Pingla is a village in the Pingla CD block in the Kharagpur subdivision of the Paschim Medinipur district  in the state of West Bengal, India.

Geography

Location
Pingla is located at .

Area overview
Kharagpur subdivision, shown partly in the map alongside, mostly has alluvial soils, except in two CD blocks in the west – Kharagpur I and Keshiary, which mostly have lateritic soils. Around 74% of the total cultivated area is cropped more than once. With a density of population of 787 per km2nearly half of the district’s population resides in this subdivision. 14.33% of the population lives in urban areas and 86.67% lives in the rural areas.

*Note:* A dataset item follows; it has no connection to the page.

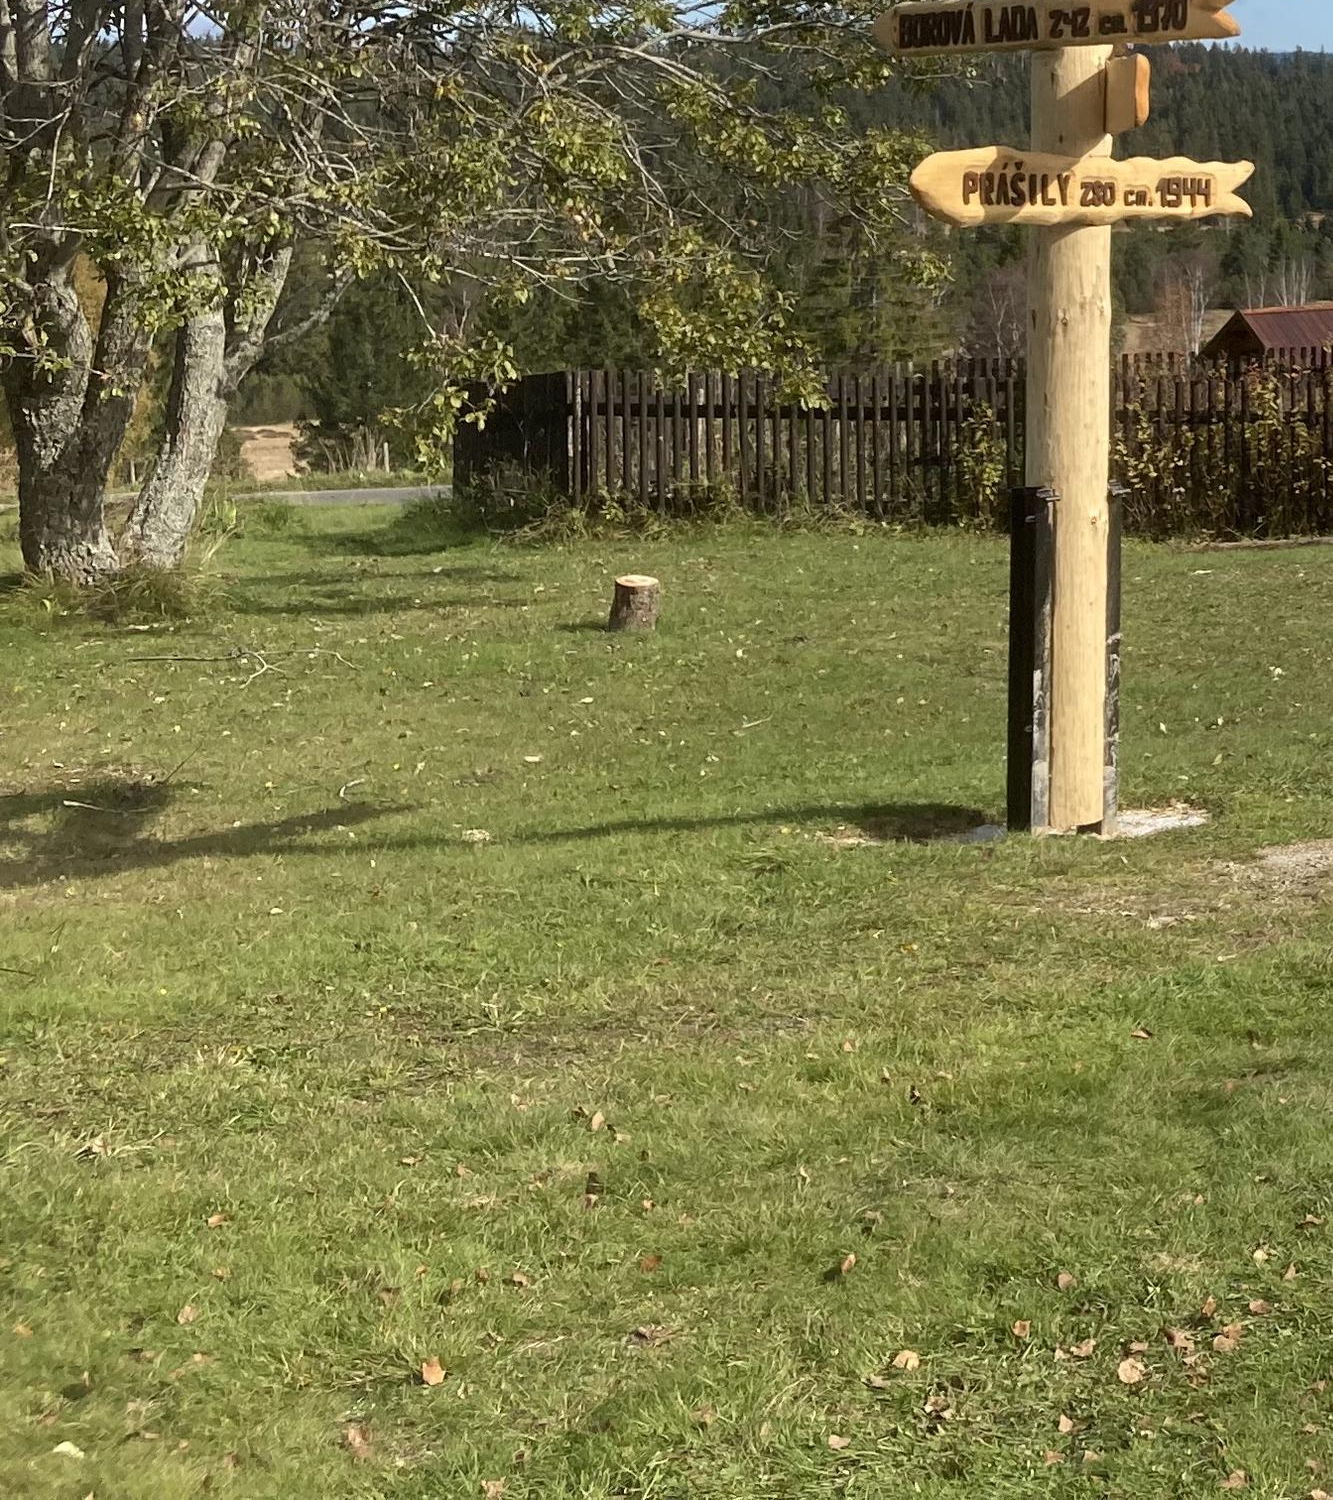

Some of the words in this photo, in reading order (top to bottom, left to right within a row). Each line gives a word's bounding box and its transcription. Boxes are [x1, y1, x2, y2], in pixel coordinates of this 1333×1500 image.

Note: The map alongside presents some of the notable locations in the subdivision. All places marked in the map are linked in the larger full screen map.

Demographics
As per 2011 Census of India Pingla had a total population of 5,253 of which 2,639 (50%) were males and 2,614 (50%) were females. Population below 6 years was 665. The total number of literates in Pingla was 3,538 (67.35% of the population over 6 years).

Civic administration

CD block HQ
The headquarters of Pingla CD block are located at Pingla.

Police station
Pingla police station has jurisdiction over Pingla  CD Block.

Education
Pingla Thana Mahavidyalaya, located at Maligram, was set up in 1965. It is affiliated to Vidyasagar University and as of 2016 offers undergraduate courses in Humanities, Commerce and Science. Post-graduate programme in Bengali was added in 2014-15 and efforts are on to add PG programme in commerce.

Healthcare
Pingla Rural Hospital, with 30 beds at Pingla, is the major Government medical facility in the Pingla CD block.